The term ambush marketing first coined by Jerry Welsh, is an attempt by a third party to associate itself directly or indirectly with an event(s) or the event(s) participant(s), typically major sporting events like the Olympics or the World Cups, without their sanction, thereby depriving the official sponsors, suppliers and partners of much of the commercial value deprived from the ‘official’ designation. It is for this reason that ambush marketing is frequently referred to as parasitic marketing.

The objectives of ambush marketing are twofold:
1. Firstly to get maximum returns on the marketing buck and
2. Secondly to undermine the branding efforts of the rivals by stealing the attention, increasing the clutter and confusing the viewers.

Ambush marketing can take various forms. It can be either direct or indirect.
(A) Direct Ambush Marketing
Sprints Communication Co. resorted to direct ambush marketing in the 1994 Football World Cup by using the official logo without permission of either FIFA (Football governing body) or Master Card who were assigned the exclusive rights for using the world cup logo.
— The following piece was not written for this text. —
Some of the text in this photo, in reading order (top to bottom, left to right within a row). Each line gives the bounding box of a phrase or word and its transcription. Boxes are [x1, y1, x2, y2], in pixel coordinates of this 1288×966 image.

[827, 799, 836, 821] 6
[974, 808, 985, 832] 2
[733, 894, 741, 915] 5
(B) Indirect Ambush Marketing
Indirect ambushing can either be onsite or via the media.

(a) Onsite Ambush Marketing
Samsung, an unofficial Olympic sponsor, launched a very successful onsite ambush effort in Atlanta City during the 1996 Olympic Games. It was directed at Panasonic by taking squatters rights to a parking lot on the outer limits of the Centennial Olympic Park. Panasonic, the official Olympic sponsor, displayed its logo on the CNN tower looming over the Olympic Park. The result, Panasonic captured only three per cent awareness compared to the nine per cent stolen by Samsung.

(b) Ambush Marketing via Media
This is done by sponsoring the broadcast of the event, sponsor subcategories within the event and exploit this investment aggressively, purchasing advertising time around relays of the competitor’s event, engaging in major non-sponsorship promotions to coincide with event and an assortment of other highly creative and inventive strategies.
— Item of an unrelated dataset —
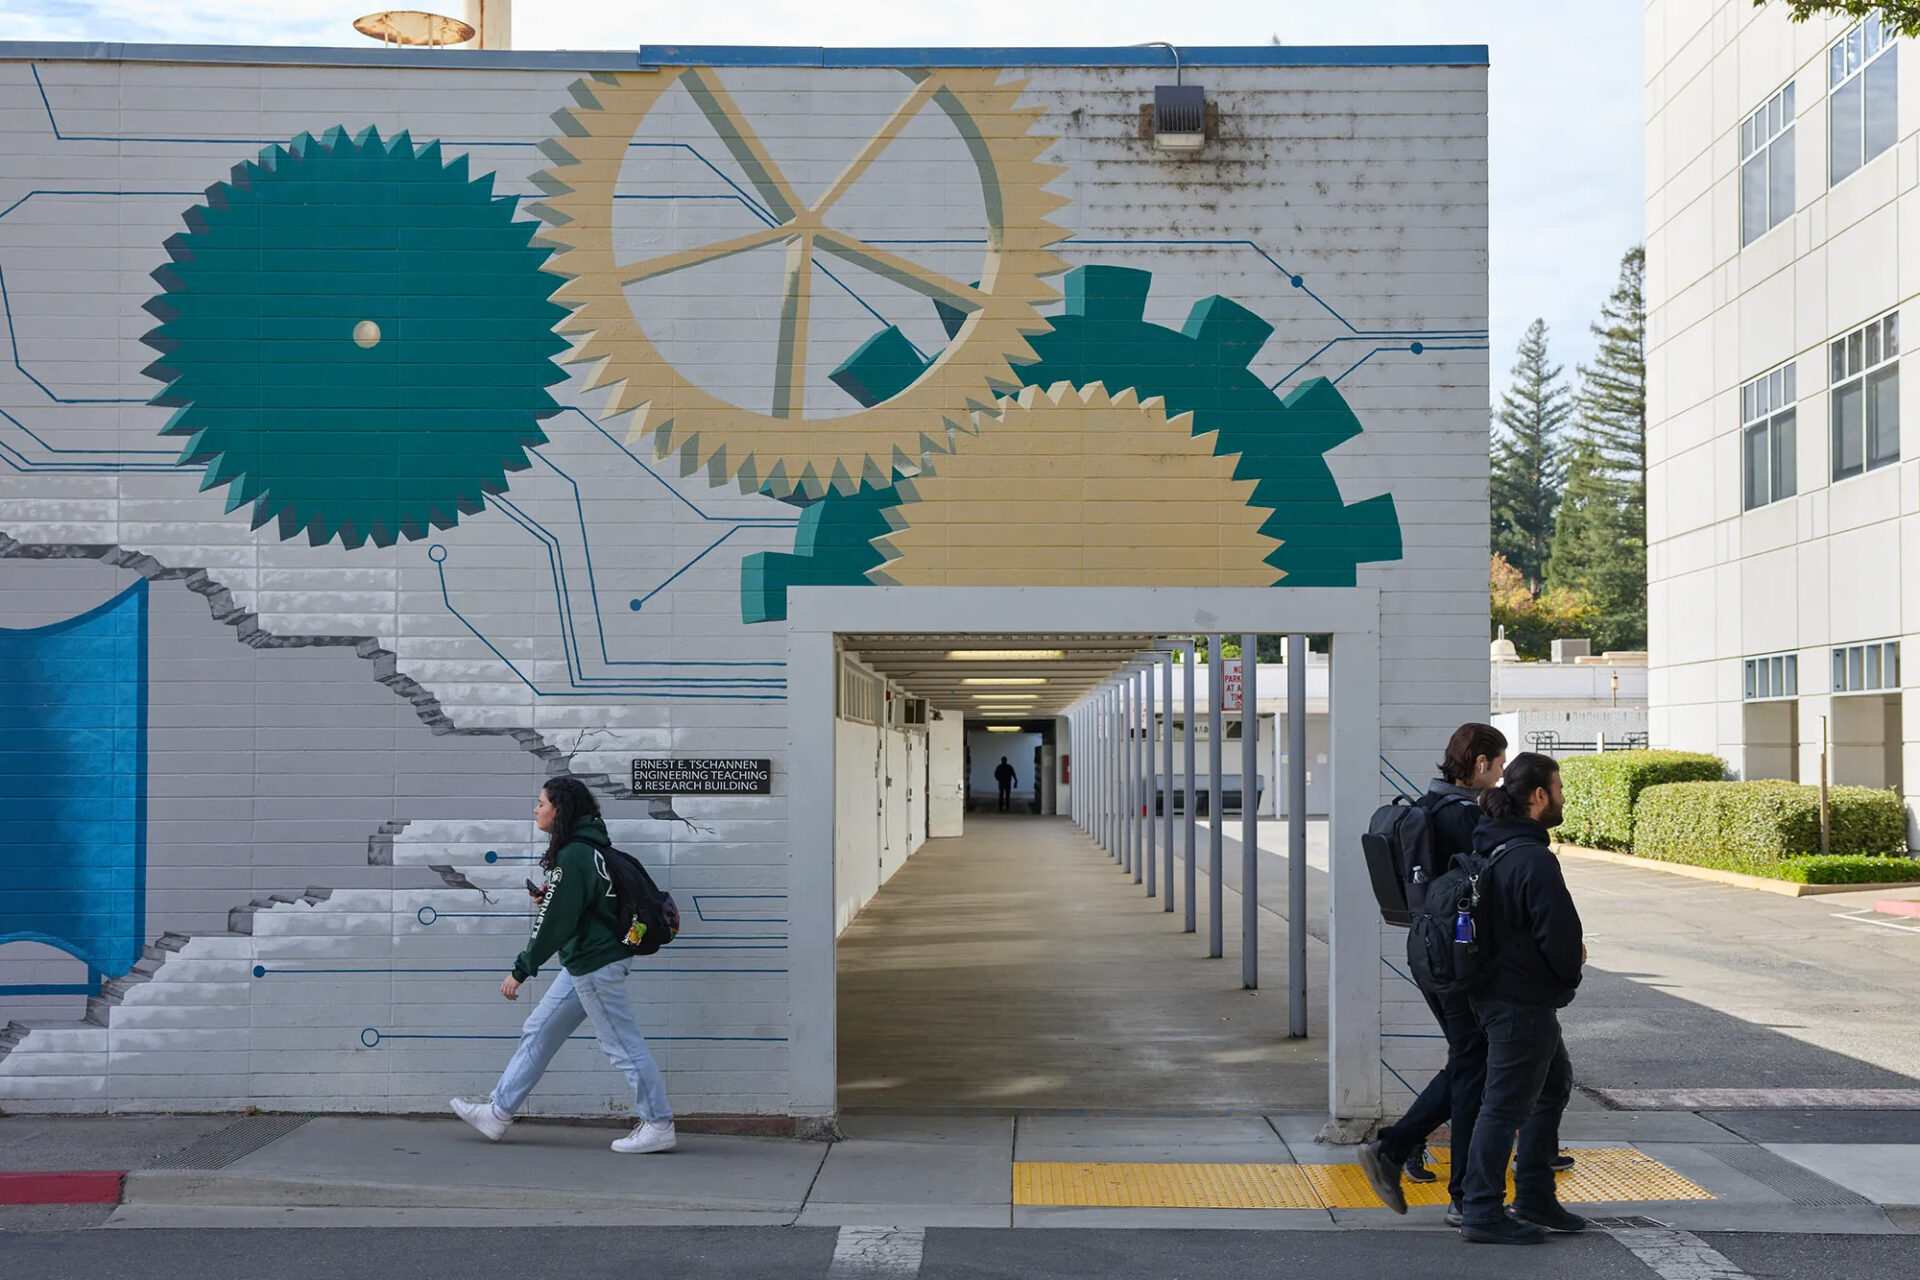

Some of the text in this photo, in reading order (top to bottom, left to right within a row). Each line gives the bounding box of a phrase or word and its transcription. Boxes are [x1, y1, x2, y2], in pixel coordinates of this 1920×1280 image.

[634, 760, 758, 769] ERNEST E. TSCHANNEN
[634, 771, 767, 780] ENGINEERING TEACHING
[634, 781, 758, 790] & RESEARCH BUILDING
[531, 883, 557, 939] HORNETS
(i) Sponsoring the broadcast of the event: This tactic is highly effective in accessing more consumers as the media audience for big events is normally much larger than the on-site audience. McDonald’s had paid a hefty sum of money for the right to be an official sponsor of the Games, which entitled it to use the Olympic insignia. Meanwhile Wendy became the proud sponsor of ABC’s broadcast of the Olympics. In addition to this they printed Olympic stories on its tray liners and also slapped the broadcast sponsorship logo on napkins, bags and signs in all its restaurants. Wendy was therefore successful in undermining the branding efforts of the rivals by stealing the attention.

(ii) Sponsor subcategories within the event and exploit this investment aggressively: In essence this type of ambush marketing tries to associate itself with the overall event by investing a much smaller sum of money in some lesser elements. This tactic is, therefore, very parsimonious.

# In the 1984 Olympics, Fuji was the official programme sponsor of the Games at considerable cost of $ 40 million. Their competitors, Kodak, became the ‘sponsor’ of the U.S. track team and of ABC television’s broadcast of the Games. Its film thereby became the official film of the U.S. track team, and it also proceeded to use the network’s own set of symbols to advertise its merchandise.

# At the 1992 Barcelona Olympics, official sponsors including Reebok paid $700 million to be the official sponsors but when the US basketball team won gold, Nike sponsored the press conference.

(iii) Purchasing advertising time around relays of the competitor’s event: Such tactics taken by ambushers are to ‘deny a competitor the full benefits of their event or broadcast sponsorship.’ However, ‘this practice successfully used by many ambushers in the past is less prevalent now as broadcasters in many countries will now either offer first option to the sponsor or refuse to allow any competing advertising in slots around televised events.’

(iv) Engaging in major non-sponsorship promotions to coincide with event: This is understood to be the only way for ambushers to gain consumer consciousness when the sponsor has committed its marketing communications budget largely toward sponsorship. Since such tactics normally use mainstream media advertising it can be regarded as a form of ambushing in the broadest sense.

Such form of advertising was resorted to in the Winter Olympics held in Lillehammer, Norway in 1994, where Visa was one of the official sponsors for the Olympic Games. American Express (Visa’s counterpart) launched an advertising campaign with the slogan: If you are traveling to Lillehammer, you will need a passport, but you don’t need a visa. A survey later found that 52 % of the respondents thought that American Express was the official sponsor of the games. Although it was lower than Visas 72%, American Express had a reason to be pleased since it had not paid a penny for the event while Visa paid $ 40 million to gain the official sponsor status.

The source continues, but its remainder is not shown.